Wayne advised that the OERu will be consolidating and shifting its communications to more modern platforms:

  • Participants were invited to create an account on the chat.oeru.org messaging platform (powered by Rocket.Chat, an open source alternative to Slack)
  • Participants will receive email invitations to join community.oeru.org (powered by Discourse, a modern, open source forum and community platform.). Please advise the OERF if you do not wish to receive an invitation to join this site.

2018 meetings

Valerie Peachey, Professor and Strategic Advisor, Open Learning, announced that Charles Sturt University will host the 2018 OERu meetings at its Port Macquarie campus. Port Macquarie is a popular seaside location in New South Wales, about one hour's flight from Sydney. The OERu 2018 meeting dates are confirmed as follows:

  1. 7th International Meeting of OERu Partners, Wednesday 7 and Thursday 8 November 2018, Port Macquarie
  2. 6th meeting of the OERu Council of Chief Executive Officers, Friday 9 November 2018, Port Macquarie.

David Porter thanked the Chang School of Continuing Education for providing the meeting venue at Ryerson University in the Toronto downtown core. He noted that it had been a privilege for eCampusOntario to host the 6th International Meeting of OERu partners.

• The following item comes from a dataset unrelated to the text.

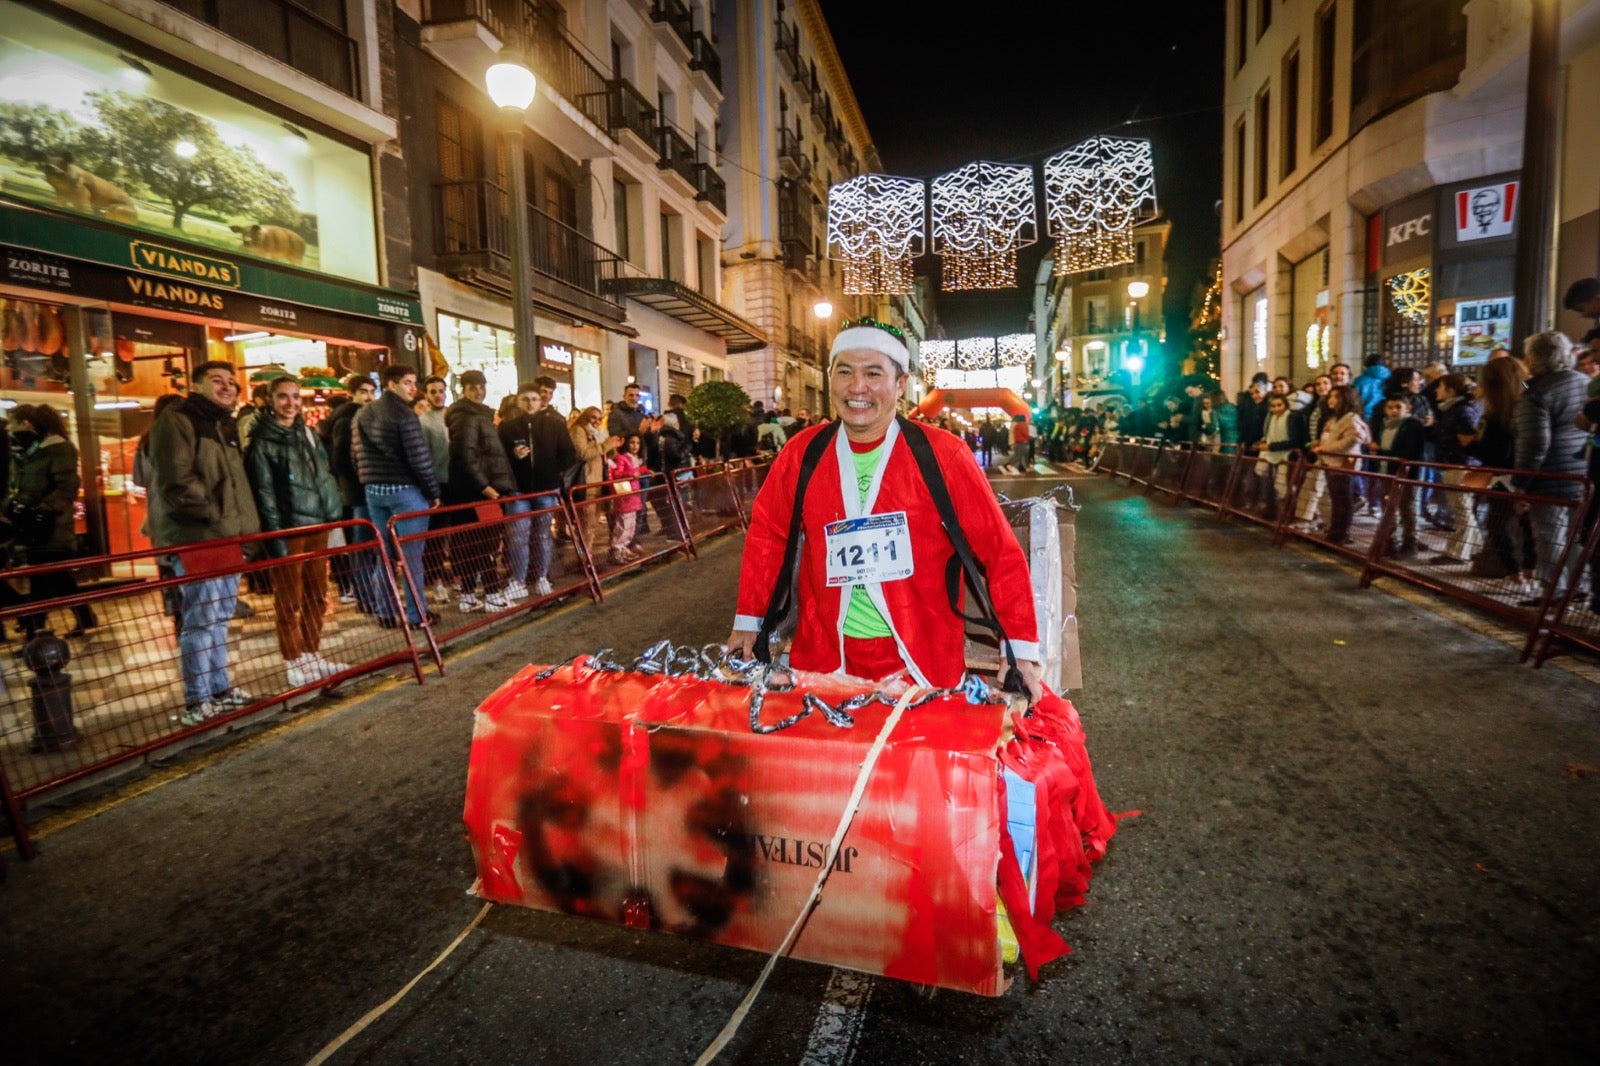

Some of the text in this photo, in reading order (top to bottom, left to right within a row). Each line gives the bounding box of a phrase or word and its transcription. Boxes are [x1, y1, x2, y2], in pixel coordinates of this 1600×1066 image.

[1386, 214, 1432, 247] KFC
[141, 248, 231, 281] VIANDAS
[127, 276, 224, 310] VIANDAS
[836, 540, 897, 567] 1211

  1. Left to right: David Porter (CEO, eCampusOntario), Nick Baker (Director, Office of Open Learning, Windsor University), Adrian Stagg (Manager, Open Educational Practice, University of Southern Queensland), James Glapa Grossklag (Dean, Educational Technology, Learning Resources, and Distance Learning, College of the Canyons), Matt Dyck (Associate Director, Program Delivery, Thompson Rivers University), Valerie Peachey (Professor - Strategic Advisor Open Learning, Charles Sturt University), Dave Lane (Open Source Technologist, OER Foundation), Wayne Mackintosh (Director, OER Foundation), Gail Morong (Senior Instructional Designer, Thompson Rivers University), Naza Djafarova (Director of Digital Education Strategies, Ryerson University), Lindsey Norris (Manager of Communications and Social Media, Thompson Rivers University), Irwin DeVries (Interim Associate Vice President, Open Learning, Thompson Rivers University), Joanne Saunders (Executive Director, marketing and recruitment, Kwantlen Polytechnic University), Leonora Zefi (Manager, eLearning Initiatives and Course Development, Ryerson University), Brenda Thomson (Associate Dean, Thompson Rivers University), Claire Goode (Senior Online Learning Designer, Otago Polytechnic), Theresa Steger (Director Digital Curriculum, Centre for Teaching and Learning, Humber College), David Bull (Director, Open Access College, University of Southern Queensland), Andy Brown (Head of Academic Development, University of the Highlands and Islands), Stephanie Chu (Vice Provost Teaching, Learning Scholarship, Kwantlen Polytechnic University), Valerie Lopes (Professor, Seneca), Marc Singer (Vice Provost, Thomas Edison State University), Sean Connor (Director of Community Relationships, Saylor Academy), Nico Koenig (Community Lead, Peer 2 Peer University (P2PU)), Eileen De Courcy (Associate Vice President, Teaching & Learning, Humber College), Clive Mulholland (Vice Chancellor and Principal, University of the Highlands and Islands), and Rory McGreal (UNESCO/COL/ICDE Chair in OER, Athabasca University).